NB: compte tenu de la mécanique céleste, un départ vers Mars n’est possible que tous les 26 mois et le retour vers la Terre ne peut intervenir que 30 mois après le départ (voyage aller de 6 mois, séjour de 18 mois en surface, voyage retour de 6 mois). Tout objet parti sur Mars ne pourra donc revenir sur Terre que 30 mois après.

Cette idée très novatrice mais tout à fait logique car déduite de la réutilisabilité, présente tout de même une difficulté, c’est que le vaisseau serait capable d’atterrir sur Mars mais probablement pas d’en repartir. Robert Zubrin n’y voit pas de désavantage, car il pense judicieux de l’utiliser comme un habitat sur Mars où l’alternative coûteuse et difficile au début, serait de créer de tels habitats et de les viabiliser. Il ajoute que l’étage « rétropropulsif modeste » pourrait être récupéré et adapté à une petite cabine emportant les candidats au retour sur Terre. Cela suppose quand même que les candidats au retour soient beaucoup moins nombreux que ceux qui arrivent sur Mars et je pense qu’au début de la « colonisation » ce ne sera pas du tout évident. Il faudrait voir quel nombre de passagers sans autres équipements et vivres que celles nécessaires à survivre pendant le vol retour, serait compatible avec la poussée du système « rétropropulsif modeste ».* voir PS ci-dessous.

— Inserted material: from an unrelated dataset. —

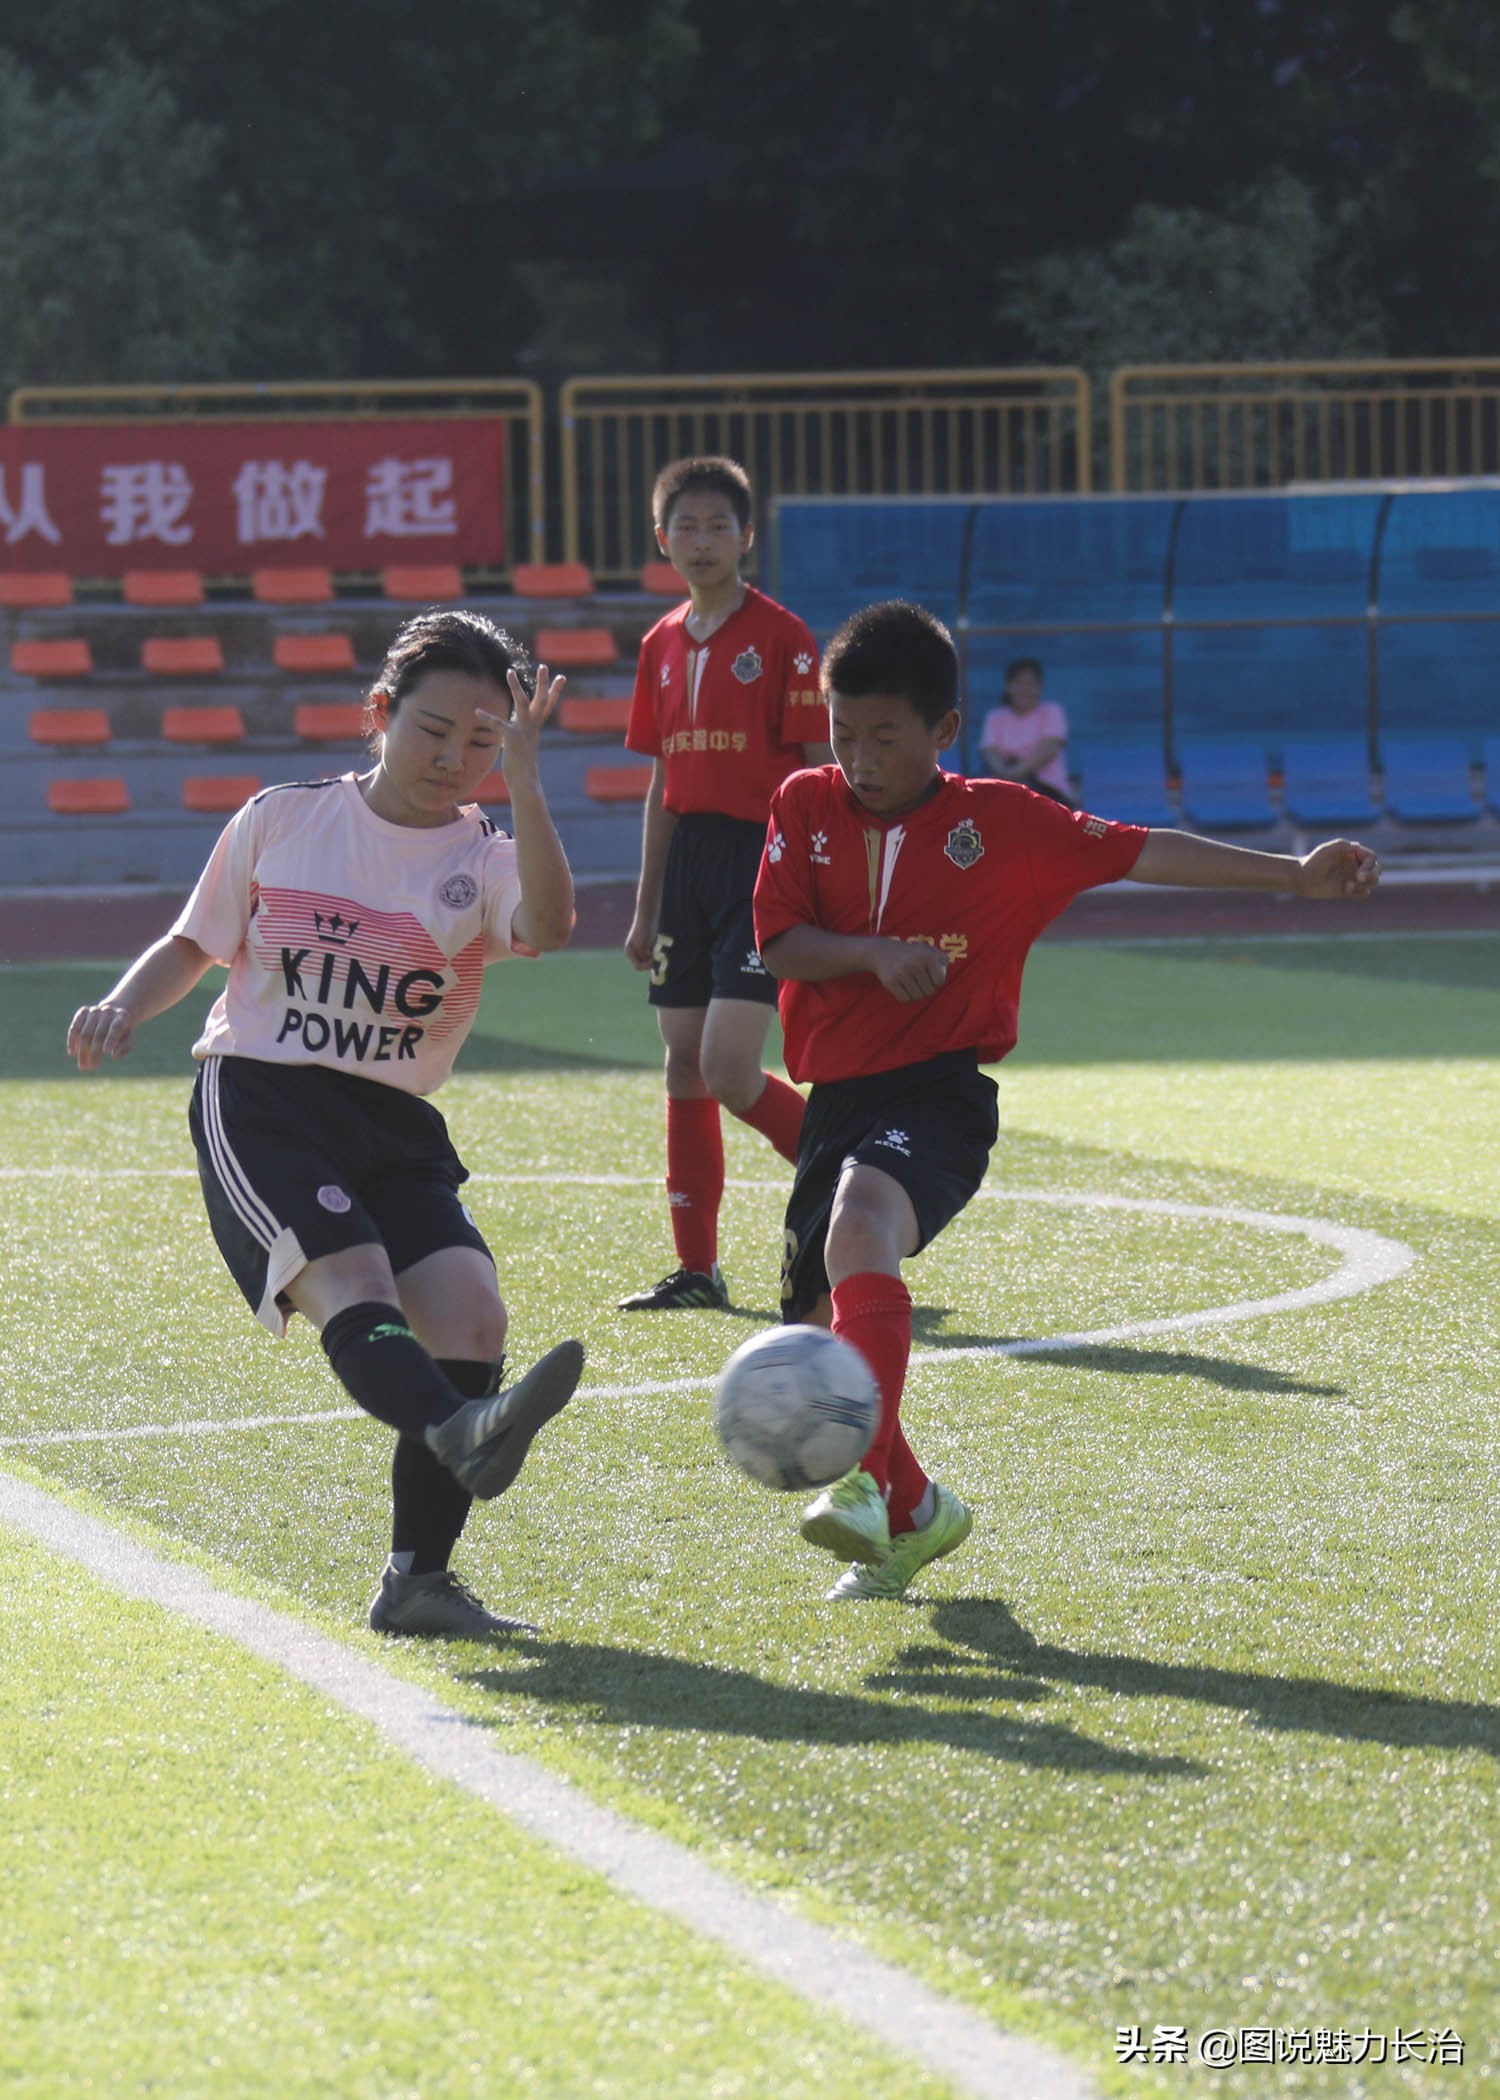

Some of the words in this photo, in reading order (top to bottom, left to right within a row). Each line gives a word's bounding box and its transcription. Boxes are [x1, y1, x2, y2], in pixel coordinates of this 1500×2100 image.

[281, 946, 446, 1018] KING
[651, 933, 674, 986] 5
[275, 1007, 424, 1062] POWER

On pourrait aussi concevoir un système mixte, d’une part des vaisseaux envoyés sur Mars pour y rester (donc vaisseaux sans segment propulsif complémentaire complet) et celui des vaisseaux capables de faire l’aller et retour (avec segment propulsif complémentaire complet). Cela permettrait d’utiliser à plein la formule proposée par Robert Zubrin (de réutilisation du second étage du lanceur) et d’obtenir quand même des économies d’échelles importantes. Il faudrait donc concevoir une variante de l’ITS correspondant à cette proposition, ce qui n’exclurait pas qu’on utilise également des lanceurs plus petits (50 tonnes en LEO).

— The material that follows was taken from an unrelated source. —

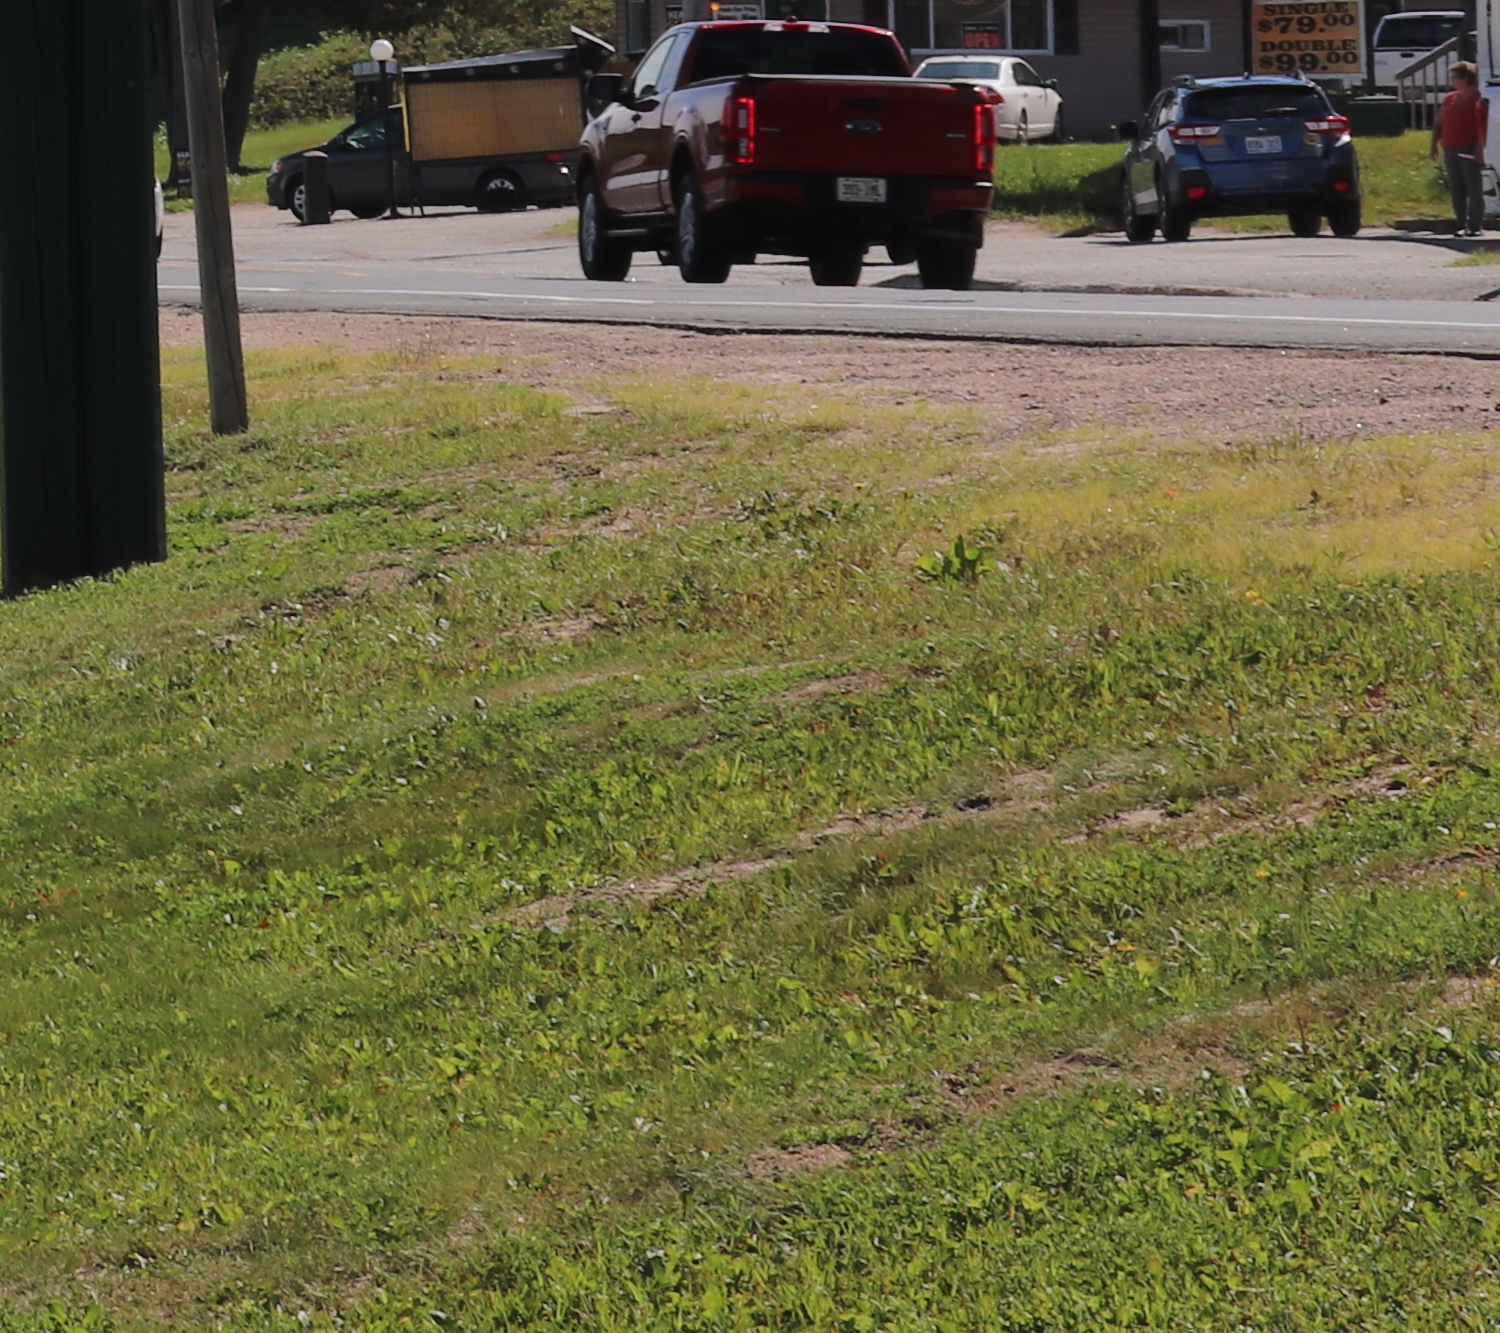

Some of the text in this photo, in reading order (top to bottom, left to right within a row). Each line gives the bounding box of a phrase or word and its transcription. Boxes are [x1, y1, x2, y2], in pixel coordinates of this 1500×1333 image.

[1263, 2, 1349, 15] SINGLE
[1257, 14, 1355, 34] $79.00
[1260, 39, 1357, 52] DOUBLE
[1258, 52, 1358, 71] $99.00

Les autres propositions de Robert Zubrin sont pleines de bon sens. Il s’agit notamment de ne pas opter pour les voyages rapides (115 jours ou moins). Les raisons qui font préférer un voyage de durée « normale » (de 6 mois) sont que (1) plus on dépense d’énergie moins on transporte de masse et le but est quand même d’en transporter le plus possible, (2) en allant trop vite, on décrit dans l’espace l’arc d’une ellipse dont l’apogée est beaucoup trop éloigné (très au-delà de Mars) et empêche une trajectoire de libre retour (retour sur Terre sans utilisation d’énergie complémentaire et dans un temps raisonnable, en cas d’impossibilité de se poser sur Mars).

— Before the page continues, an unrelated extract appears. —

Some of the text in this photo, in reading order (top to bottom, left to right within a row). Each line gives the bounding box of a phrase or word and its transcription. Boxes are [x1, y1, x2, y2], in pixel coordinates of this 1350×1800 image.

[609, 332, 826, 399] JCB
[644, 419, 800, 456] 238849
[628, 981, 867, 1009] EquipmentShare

Elon Musk a ainsi « réveillé » la discussion sur la technologie des voyages spatiaux en faisant monter une marche de plus vers la faisabilité du projet Mars. Nul doute que d’autres critiques seront formulées. Pierre-André Haldi, vice-président de la Mars society Switzerland et spécialiste de l’énergie (systèmes énergétiques, analyse et gestion des risques -industriels et naturels) y travaille dans son domaine. Mais on est entrée dans un processus itératif qui, sur la base de la réutilisabilité « muskienne », doit conduire à un système de transport relativement bon marché qui rendra très bientôt le voyage vraiment possible, tant financièrement que techniquement.

Liens vers l’article de Robert Zubrin publié dans The New Atlantis : http://www.thenewatlantis.com/publications/colonizing-mars

Image à la Une : Vaisseau spatial d’Elon Musk, partie du système ITS devant aller jusqu’à la surface de Mars. Il fait 49,5 mètres de long et son diamètre maximum est de 17 mètres ; il pourrait transporter 300 tonnes en version passagers (soit 100 personnes) et 450 tonnes en version cargo. Il serait équipé de neuf moteurs Raptor et de réservoirs pouvant contenir 1950 à 2500 (cargo) tonnes de carburant/comburant (méthane/oxygène). Robert Zubrin propose de séparer la partie habitat (22 mètres) de la partie réservoirs/système de propulsion (à remplacer par un dispositif beaucoup plus petit permettant simplement de se poser sur Mars (donc au total le vaisseau-habitat ferait une trentaine de mètres).   

PS: Selon Robert Zubrin que j’ai contacté à ce sujet, on pourrait renvoyer sur Terre une soixantaine de tonnes soit une trentaine de personnes (par segmentation du gros vaisseau prévu par Elon Musk). Cela semble suffisant puisque (1) au début de la colonisation il faudra envoyer plus d’équipements que de personnes et ensuite (2), lorsque la colonisation pourra se faire sereinement avec une base déjà bien installée, on peut concevoir que plus de gens veuillent rester sur Mars qu’en repartir. De toutes façons la solution mixte que j’évoque devrait être étudiée.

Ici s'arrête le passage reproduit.